In this section, we demonstrate with examples that the efficacy of contemporary computational techniques in describing the structural and dynamic features of the solid‐liquid interface in electrochemistry. From molecular engineering perspectives, the incorporation of theoretical simulation unveils the identity of the active site of electrocatalysis and constructs a roadmap for structure‐activity relations. The underlying electronic configurations of the active sites and the supporting substrate provide a fundamental understanding for the micro‐/macro‐ electrochemical performance. From the interface‐modeling viewpoint, AIMD simulations verify the catalytic interfaces should be surveyed as an evolving statistical ensemble of multiphases, with a focus on the electrode surface and SA sites, electrolyte water molecules, and reaction species. Additionally, researchers should pay attention to other intricacies involved in the electrochemical courses, such as the distribution of metal cations.

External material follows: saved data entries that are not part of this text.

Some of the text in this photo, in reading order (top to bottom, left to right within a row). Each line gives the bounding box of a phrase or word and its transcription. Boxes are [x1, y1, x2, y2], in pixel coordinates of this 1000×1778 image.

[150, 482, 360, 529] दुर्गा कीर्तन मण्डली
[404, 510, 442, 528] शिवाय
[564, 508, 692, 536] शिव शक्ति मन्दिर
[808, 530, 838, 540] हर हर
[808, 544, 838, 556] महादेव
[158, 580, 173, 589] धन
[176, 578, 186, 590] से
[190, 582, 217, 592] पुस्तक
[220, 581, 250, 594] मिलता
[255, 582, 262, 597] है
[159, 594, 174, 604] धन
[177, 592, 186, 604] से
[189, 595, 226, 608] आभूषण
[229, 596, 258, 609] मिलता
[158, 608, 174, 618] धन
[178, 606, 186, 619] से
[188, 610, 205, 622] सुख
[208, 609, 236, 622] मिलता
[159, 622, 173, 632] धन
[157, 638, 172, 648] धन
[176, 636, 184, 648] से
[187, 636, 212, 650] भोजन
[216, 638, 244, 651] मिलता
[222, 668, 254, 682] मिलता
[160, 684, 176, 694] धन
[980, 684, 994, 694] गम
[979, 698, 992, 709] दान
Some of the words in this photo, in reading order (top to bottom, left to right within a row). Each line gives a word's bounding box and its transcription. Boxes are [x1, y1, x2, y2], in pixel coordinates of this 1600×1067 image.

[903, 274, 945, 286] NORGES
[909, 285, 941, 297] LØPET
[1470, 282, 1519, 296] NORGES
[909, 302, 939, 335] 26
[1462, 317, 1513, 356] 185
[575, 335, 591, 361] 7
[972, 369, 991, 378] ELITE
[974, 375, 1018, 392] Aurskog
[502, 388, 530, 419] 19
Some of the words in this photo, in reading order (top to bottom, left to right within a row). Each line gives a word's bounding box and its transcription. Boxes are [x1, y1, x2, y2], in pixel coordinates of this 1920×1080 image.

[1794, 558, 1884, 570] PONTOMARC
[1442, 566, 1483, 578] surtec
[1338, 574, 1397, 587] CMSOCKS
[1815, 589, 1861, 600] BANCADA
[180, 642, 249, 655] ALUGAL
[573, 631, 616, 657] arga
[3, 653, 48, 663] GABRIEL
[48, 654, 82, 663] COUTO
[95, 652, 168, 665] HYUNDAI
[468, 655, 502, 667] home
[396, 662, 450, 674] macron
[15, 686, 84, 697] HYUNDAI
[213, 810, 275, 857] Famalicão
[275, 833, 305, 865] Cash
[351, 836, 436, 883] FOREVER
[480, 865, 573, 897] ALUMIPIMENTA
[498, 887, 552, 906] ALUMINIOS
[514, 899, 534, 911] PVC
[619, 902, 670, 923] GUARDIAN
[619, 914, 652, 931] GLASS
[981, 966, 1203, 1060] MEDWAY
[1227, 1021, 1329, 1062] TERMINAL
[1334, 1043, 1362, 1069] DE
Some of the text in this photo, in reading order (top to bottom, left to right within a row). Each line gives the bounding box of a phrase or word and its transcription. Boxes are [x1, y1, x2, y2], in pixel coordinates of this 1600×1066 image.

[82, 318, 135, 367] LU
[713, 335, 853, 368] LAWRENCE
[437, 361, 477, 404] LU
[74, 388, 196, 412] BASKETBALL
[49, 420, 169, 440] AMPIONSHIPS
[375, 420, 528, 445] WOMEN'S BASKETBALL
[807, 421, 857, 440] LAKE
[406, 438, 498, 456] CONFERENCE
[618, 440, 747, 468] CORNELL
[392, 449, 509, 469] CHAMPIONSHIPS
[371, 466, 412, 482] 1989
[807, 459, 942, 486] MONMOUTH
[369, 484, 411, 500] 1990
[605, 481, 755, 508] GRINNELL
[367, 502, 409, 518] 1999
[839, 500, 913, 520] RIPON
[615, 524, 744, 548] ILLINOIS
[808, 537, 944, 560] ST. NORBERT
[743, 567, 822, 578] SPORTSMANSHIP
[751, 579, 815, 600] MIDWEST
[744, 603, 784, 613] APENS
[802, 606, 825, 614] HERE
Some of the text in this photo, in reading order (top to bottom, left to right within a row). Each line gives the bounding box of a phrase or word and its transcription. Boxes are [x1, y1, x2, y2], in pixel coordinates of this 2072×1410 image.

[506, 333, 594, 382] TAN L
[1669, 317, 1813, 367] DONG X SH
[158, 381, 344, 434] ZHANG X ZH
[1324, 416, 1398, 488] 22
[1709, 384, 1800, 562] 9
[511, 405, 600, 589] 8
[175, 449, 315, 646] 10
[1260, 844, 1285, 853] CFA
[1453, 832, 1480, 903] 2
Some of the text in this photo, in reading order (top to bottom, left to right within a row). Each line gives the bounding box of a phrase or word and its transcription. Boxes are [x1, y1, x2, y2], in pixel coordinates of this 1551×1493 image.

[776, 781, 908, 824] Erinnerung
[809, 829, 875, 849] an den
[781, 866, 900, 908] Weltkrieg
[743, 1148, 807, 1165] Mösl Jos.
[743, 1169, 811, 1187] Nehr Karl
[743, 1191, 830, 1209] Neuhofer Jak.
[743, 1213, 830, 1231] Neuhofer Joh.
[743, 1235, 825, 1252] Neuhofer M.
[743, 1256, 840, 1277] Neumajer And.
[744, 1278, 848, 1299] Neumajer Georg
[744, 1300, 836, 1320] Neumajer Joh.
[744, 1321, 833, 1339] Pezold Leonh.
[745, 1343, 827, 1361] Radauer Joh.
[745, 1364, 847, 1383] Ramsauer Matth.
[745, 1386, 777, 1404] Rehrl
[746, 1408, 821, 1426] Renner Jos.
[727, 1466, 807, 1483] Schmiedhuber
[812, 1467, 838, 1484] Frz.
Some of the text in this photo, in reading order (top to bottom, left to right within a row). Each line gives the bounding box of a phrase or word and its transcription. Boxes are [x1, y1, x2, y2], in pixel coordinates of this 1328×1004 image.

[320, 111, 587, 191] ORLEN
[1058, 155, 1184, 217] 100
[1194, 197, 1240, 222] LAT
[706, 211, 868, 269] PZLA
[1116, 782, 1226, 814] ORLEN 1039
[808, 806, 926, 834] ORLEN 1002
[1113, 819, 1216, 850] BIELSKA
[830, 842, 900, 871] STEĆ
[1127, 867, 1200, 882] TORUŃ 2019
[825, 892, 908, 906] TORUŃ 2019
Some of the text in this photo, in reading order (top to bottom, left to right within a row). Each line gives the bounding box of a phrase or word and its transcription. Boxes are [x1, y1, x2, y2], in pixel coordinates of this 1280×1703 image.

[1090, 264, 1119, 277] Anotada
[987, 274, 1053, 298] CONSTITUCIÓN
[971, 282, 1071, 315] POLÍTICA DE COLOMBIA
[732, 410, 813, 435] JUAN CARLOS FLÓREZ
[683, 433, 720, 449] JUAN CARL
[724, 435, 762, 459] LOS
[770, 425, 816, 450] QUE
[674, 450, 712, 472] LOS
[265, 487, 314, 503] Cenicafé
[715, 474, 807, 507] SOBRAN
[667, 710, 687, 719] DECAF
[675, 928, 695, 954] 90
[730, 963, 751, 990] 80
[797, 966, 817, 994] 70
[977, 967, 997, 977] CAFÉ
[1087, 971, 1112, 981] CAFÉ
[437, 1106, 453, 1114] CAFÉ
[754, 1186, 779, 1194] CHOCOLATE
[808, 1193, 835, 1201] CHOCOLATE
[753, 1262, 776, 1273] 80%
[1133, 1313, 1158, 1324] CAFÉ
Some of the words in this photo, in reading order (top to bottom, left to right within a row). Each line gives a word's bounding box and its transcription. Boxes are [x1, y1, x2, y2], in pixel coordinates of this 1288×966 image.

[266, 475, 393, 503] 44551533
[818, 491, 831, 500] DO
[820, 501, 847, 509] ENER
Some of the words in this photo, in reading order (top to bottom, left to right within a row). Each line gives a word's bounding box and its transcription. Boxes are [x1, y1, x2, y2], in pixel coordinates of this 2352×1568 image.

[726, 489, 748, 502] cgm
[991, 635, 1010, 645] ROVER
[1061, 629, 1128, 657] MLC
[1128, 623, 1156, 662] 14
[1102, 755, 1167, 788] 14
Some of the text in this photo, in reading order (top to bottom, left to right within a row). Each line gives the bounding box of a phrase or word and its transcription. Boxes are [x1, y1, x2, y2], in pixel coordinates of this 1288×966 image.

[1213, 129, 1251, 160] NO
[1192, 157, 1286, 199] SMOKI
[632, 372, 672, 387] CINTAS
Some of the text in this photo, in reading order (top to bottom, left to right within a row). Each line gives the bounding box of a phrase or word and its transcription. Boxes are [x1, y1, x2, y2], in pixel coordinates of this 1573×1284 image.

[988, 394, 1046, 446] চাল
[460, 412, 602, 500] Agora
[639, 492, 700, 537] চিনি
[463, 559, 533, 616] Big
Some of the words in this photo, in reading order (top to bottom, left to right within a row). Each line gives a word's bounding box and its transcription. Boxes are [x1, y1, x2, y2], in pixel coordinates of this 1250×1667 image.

4. The Conclusions and Perspectives
Heterogeneous electrocatalysis has emerged as a powerful method in energy conversion processes, with impressive catalytic performance. This review summarizes fundamental concepts in heterogeneous electrocatalysis and detailed thermodynamic and kinetic modeling methods. We also provide a few selected examples from our current research activity, demonstrating how the state‐of‐the‐art AIMD simulations can offer a microscopic understanding of properties at solid‐liquid interfaces and effectively guide experiments to aid in describing the structure and dynamics at interfaces, as well as understanding the microscopic origin of the measured reactivity in experiments. Our contributions underline the significance of considering explicit solvation shells in simulating the electrochemical interface, the new proposed descriptor derived from charge‐dipole interaction to evaluate HER kinetics on SA sites, and the electrode potential‐determined reactivity and selectivity on various electrochemical processes and surfaces. Additionally, we systematically emphasize the unique structural and electronic properties of various surfaces, such as the regulation of the coordination environment of active sites and the corresponding electronic configuration of the active center, aiming to provide essential guidelines for screening and designing electrocatalysts at the atomic scale. We focus on the dynamism of interfaces, including the leaching of SA sites, surface restructuring of metal electrodes under opening conditions, and the response behaviors of the electrolyte molecules to the applied potential, as well as the roles of alkali metals and interfacial pH effects on reaction kinetics. We conclude that theoretical modeling can lead to a new understanding of the electrocatalytic interface and more efficient interfacial design. In addition to the general challenges of making AIMD techniques more accurate and efficient, which are common to other fields, such as solid‐state physics or computational biochemistry, we would like to discuss a few specific points that we believe are specific to solid‐liquid interfaces.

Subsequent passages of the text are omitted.